What is required
Your response should be the lines from the one containing "this 1512×1344 image." through the end of the material, copied exactly and with nothing added.

Recorded data
● ● ● ●

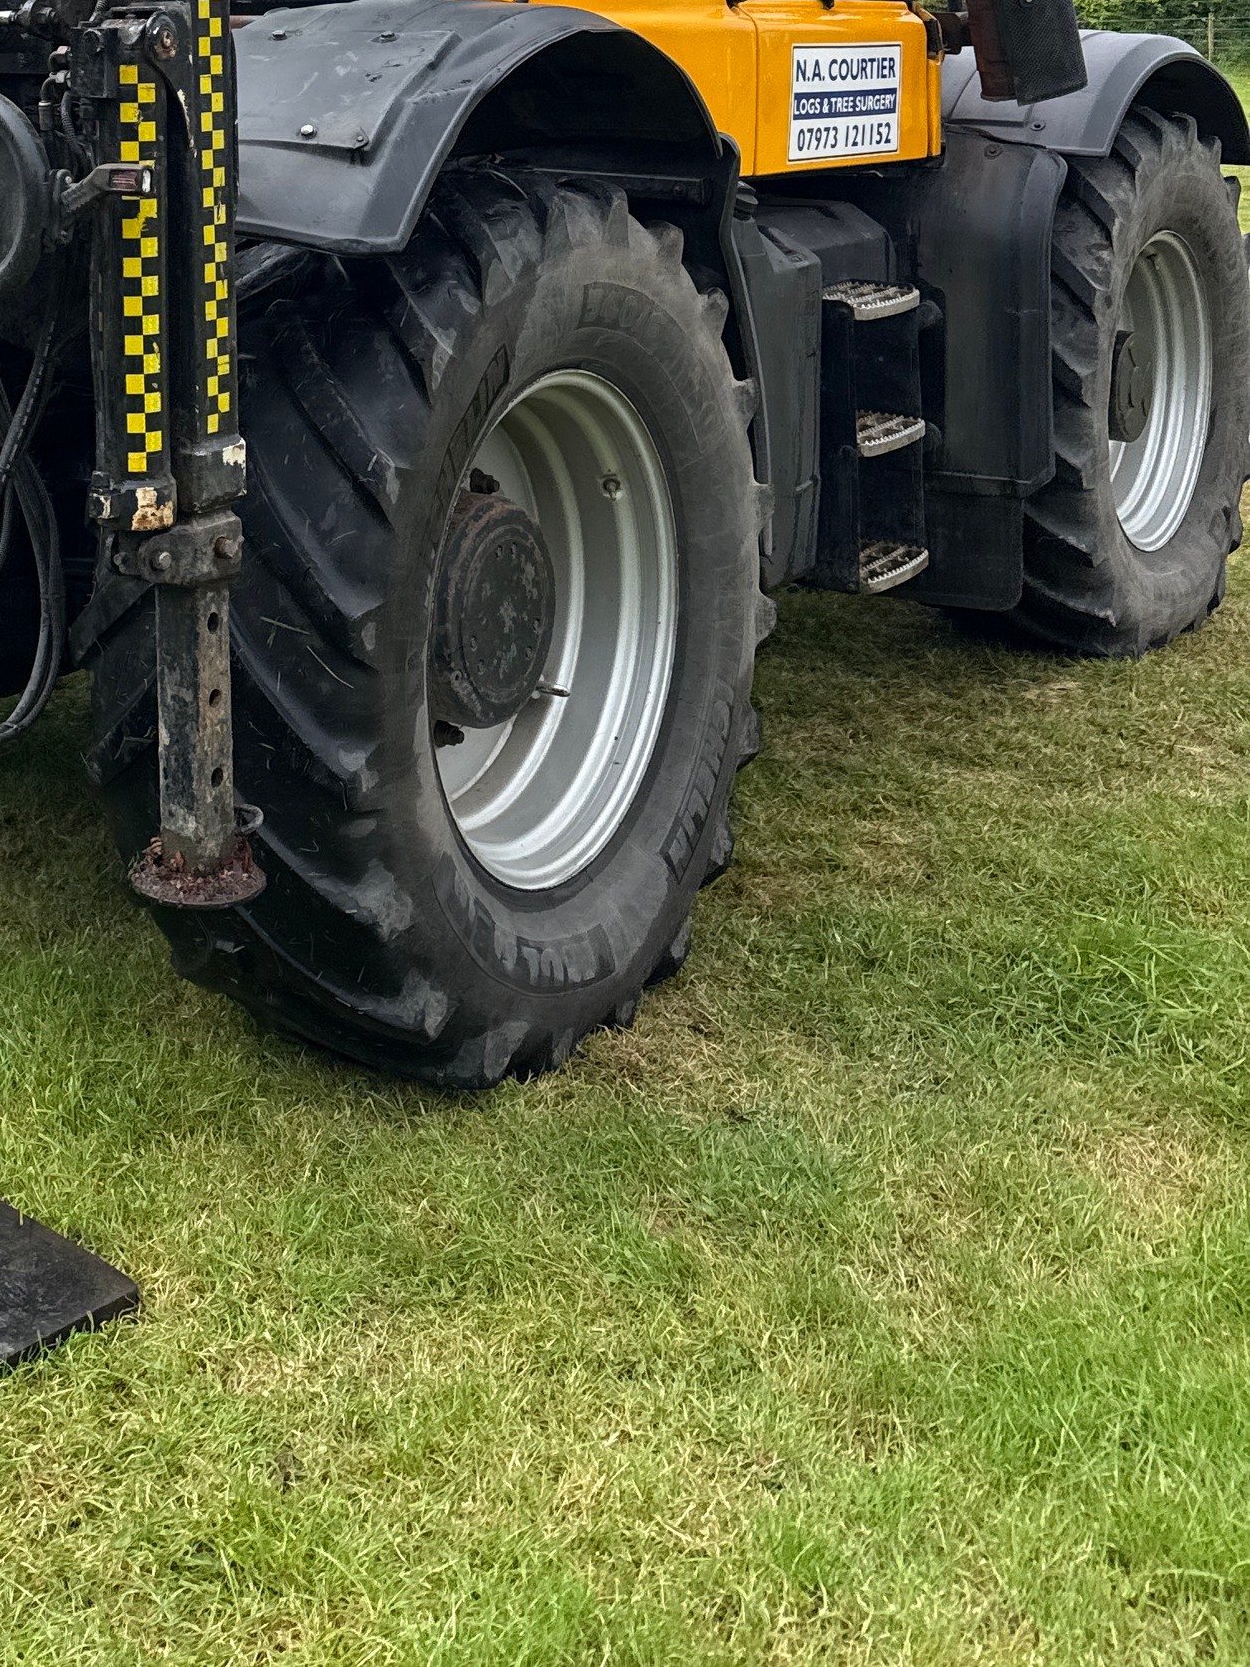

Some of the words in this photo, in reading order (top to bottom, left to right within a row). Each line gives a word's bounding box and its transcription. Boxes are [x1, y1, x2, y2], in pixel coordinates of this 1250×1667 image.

[796, 59, 825, 82] N.A.
[828, 57, 896, 81] COURTIER
[794, 98, 821, 115] LOGS
[822, 97, 830, 114] &
[830, 96, 853, 113] TREE
[855, 93, 896, 111] SURGERY
[797, 126, 838, 151] 07973
[845, 121, 891, 148] 121152
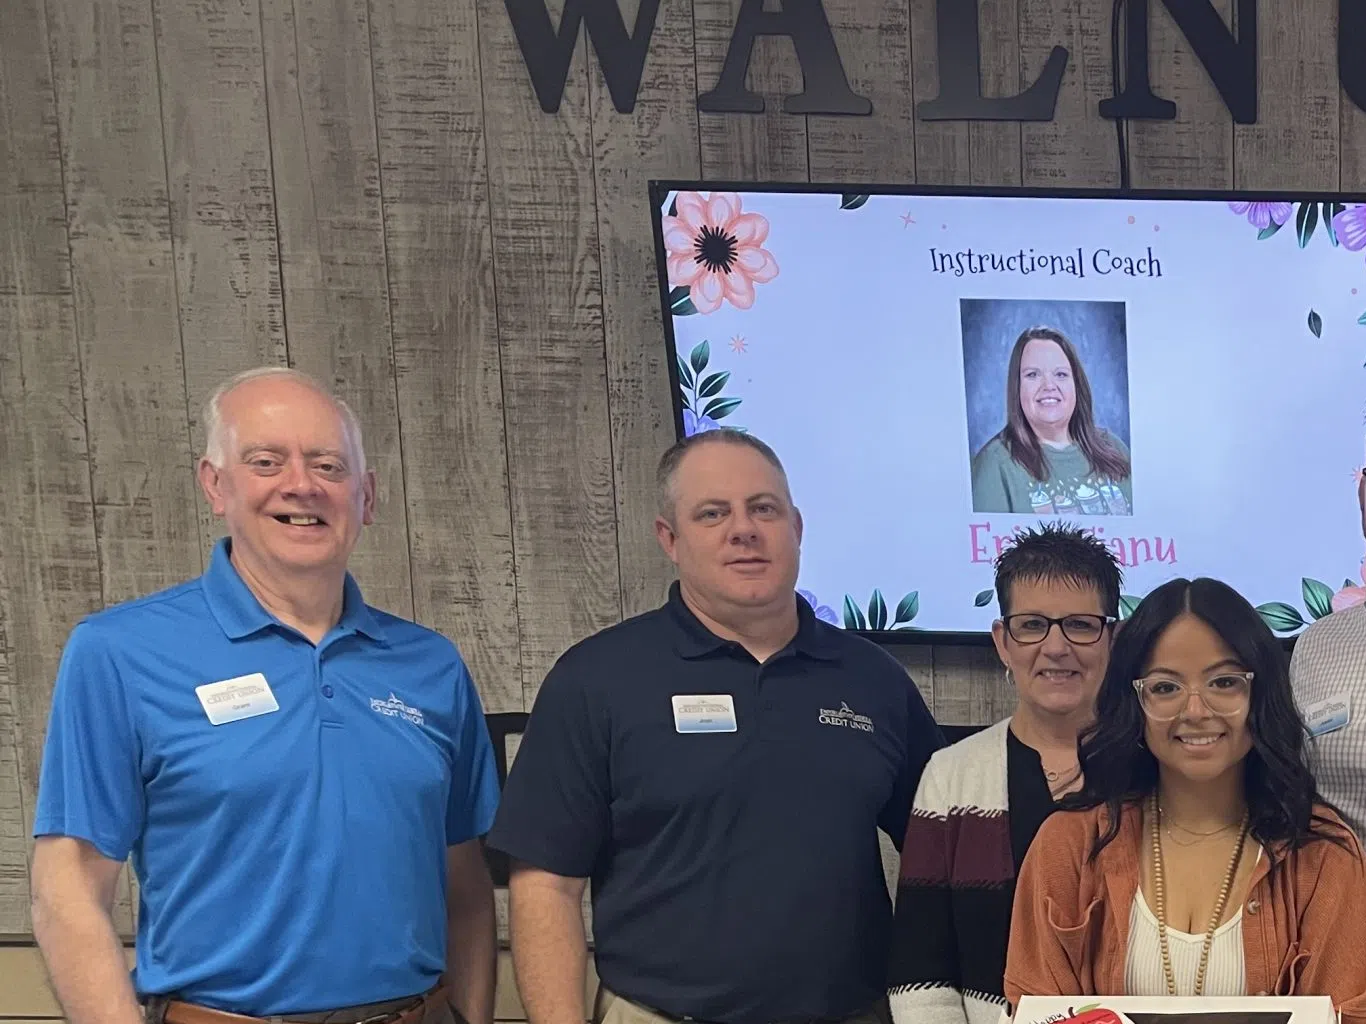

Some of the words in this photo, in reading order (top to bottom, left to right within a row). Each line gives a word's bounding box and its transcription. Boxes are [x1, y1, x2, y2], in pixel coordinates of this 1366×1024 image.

[928, 247, 1086, 278] Instructional
[1091, 246, 1163, 278] Coach
[818, 714, 848, 727] CREDIT
[849, 720, 875, 733] UNION
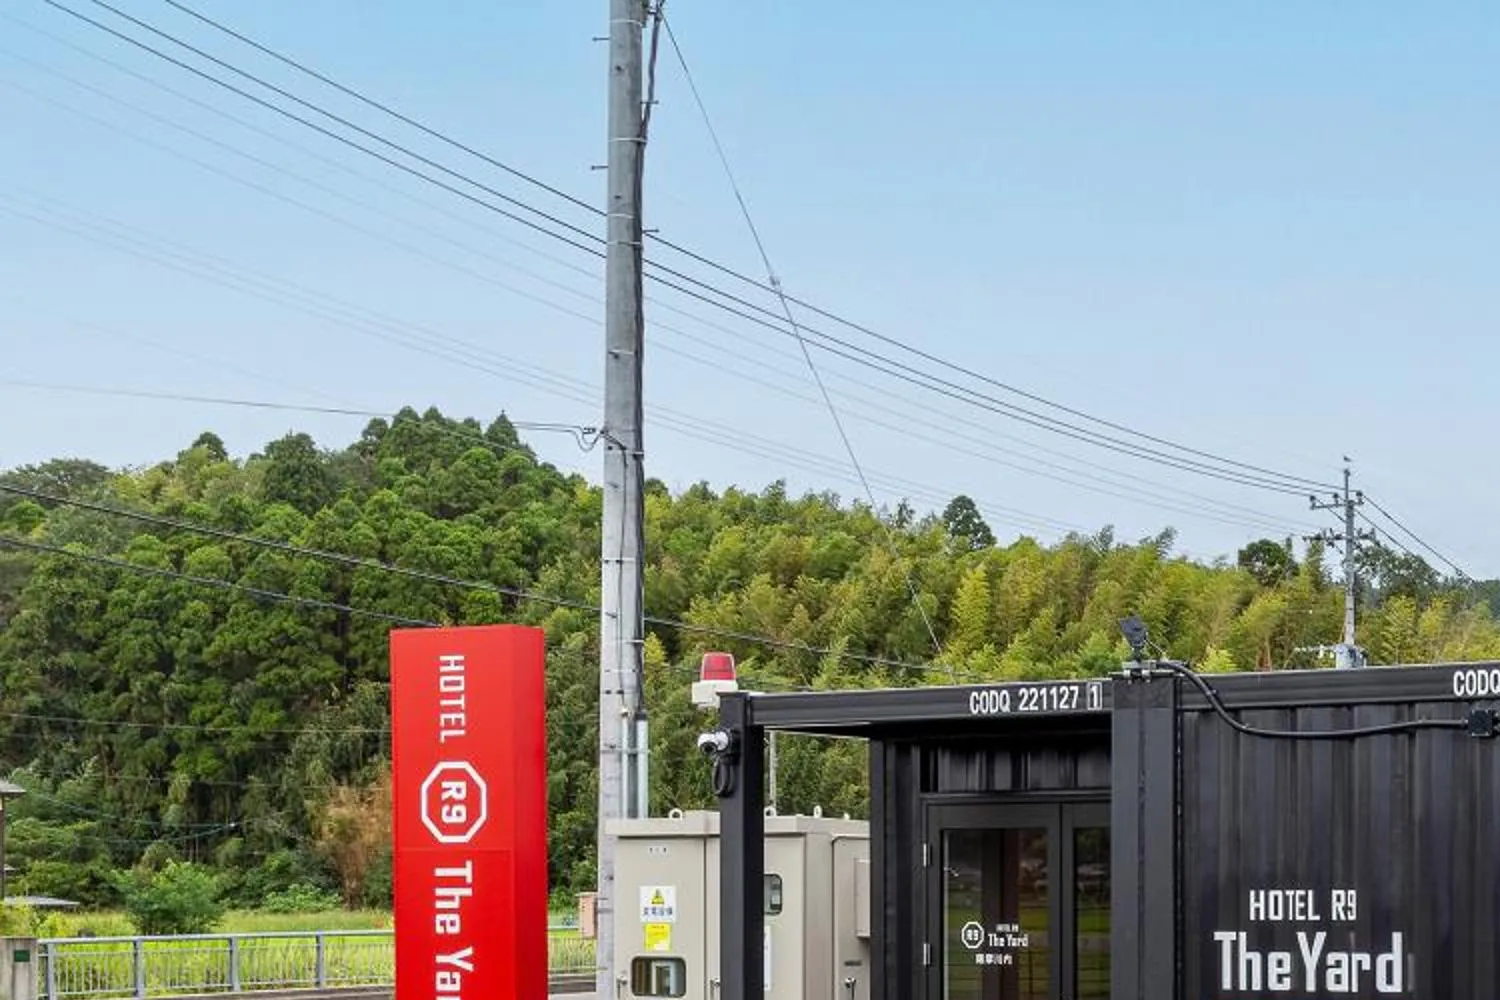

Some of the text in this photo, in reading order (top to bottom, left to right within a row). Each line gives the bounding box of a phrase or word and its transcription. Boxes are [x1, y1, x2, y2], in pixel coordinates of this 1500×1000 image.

[439, 655, 466, 744] HOTEL
[969, 689, 1011, 715] CODQ
[1018, 685, 1079, 711] 221127
[440, 780, 468, 824] R9
[434, 859, 473, 935] The
[1249, 889, 1358, 921] HOTEL R9
[988, 933, 1029, 947] The Yard
[1213, 931, 1403, 993] The Yard
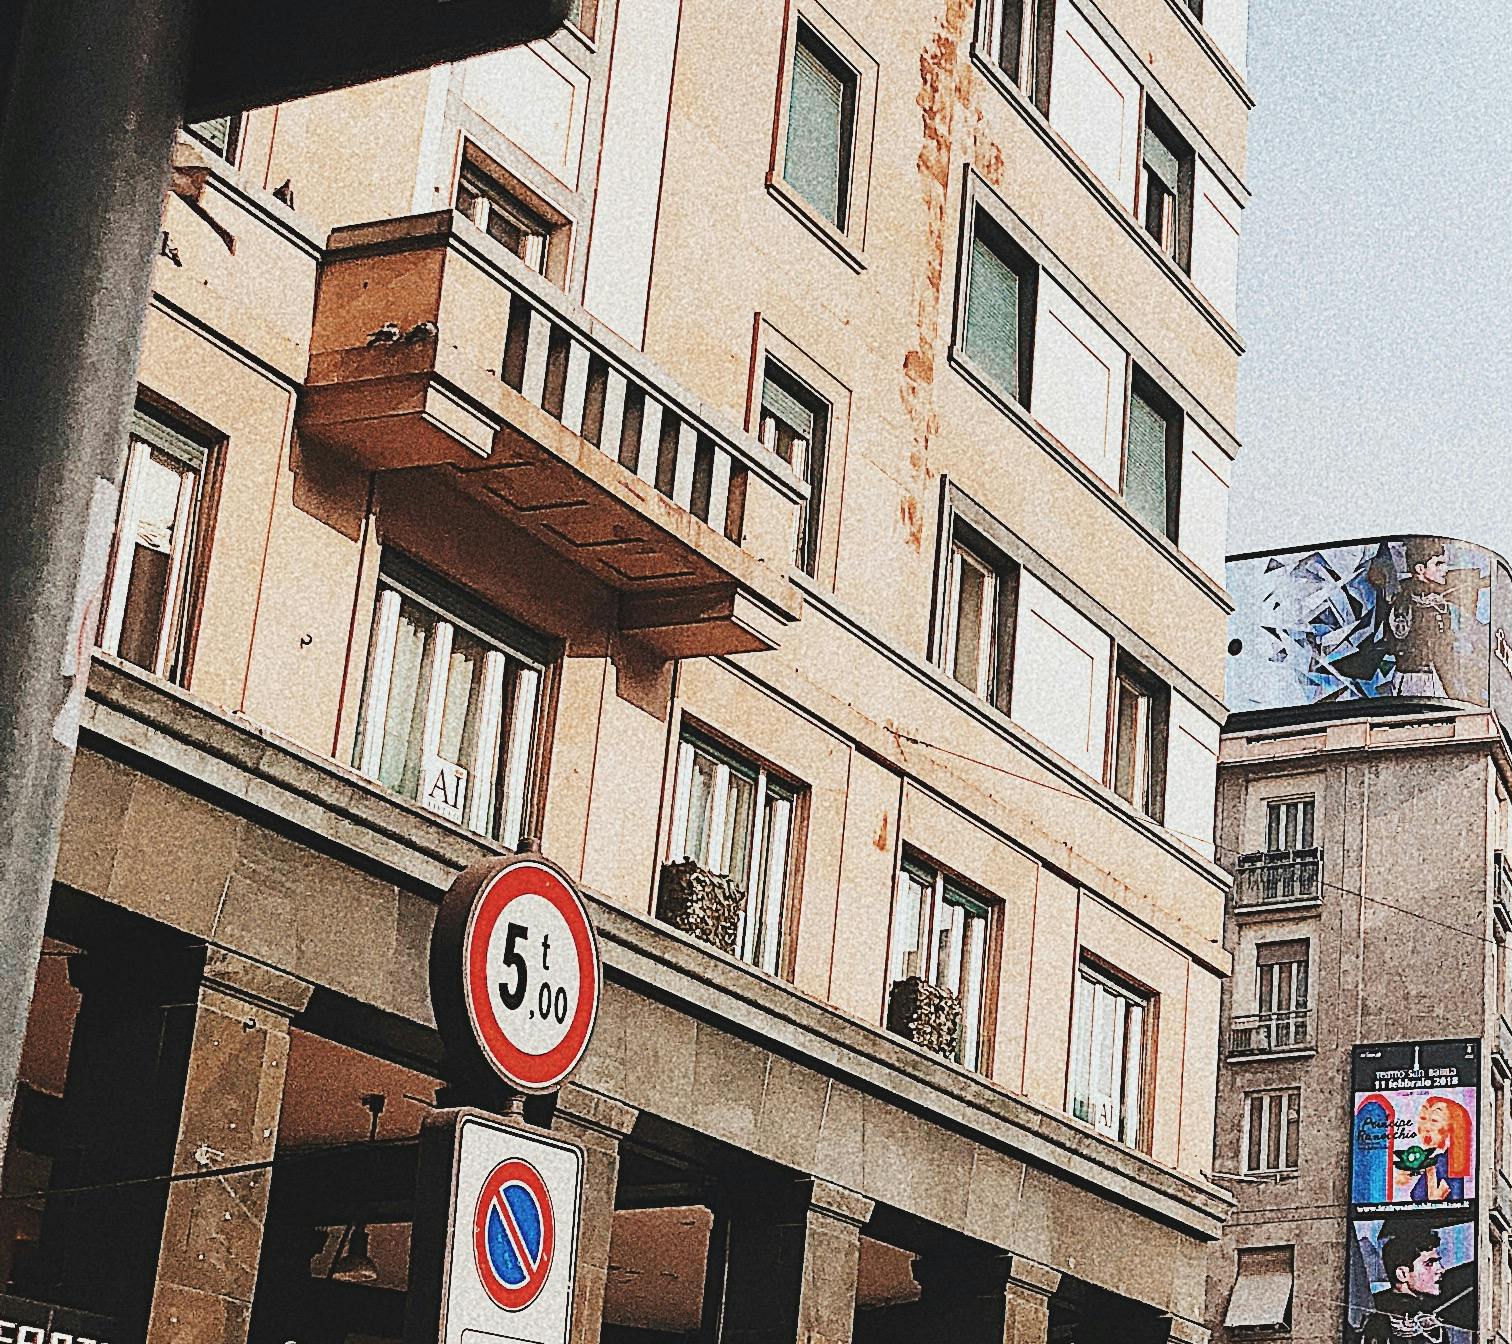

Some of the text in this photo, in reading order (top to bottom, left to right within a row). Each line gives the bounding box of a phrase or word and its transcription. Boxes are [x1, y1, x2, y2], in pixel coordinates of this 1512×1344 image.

[1375, 1075, 1459, 1090] 11 febbraio 2018

● ● ● ●

Solution for this exercise
Some of the text in this photo, in reading order (top to bottom, left to right within a row). Each line gives the bounding box of a phrase or word and its transcription. Boxes are [x1, y1, x2, y2], in pixel coordinates of this 1512×1344 image.

[1375, 1075, 1459, 1090] 11 febbraio 2018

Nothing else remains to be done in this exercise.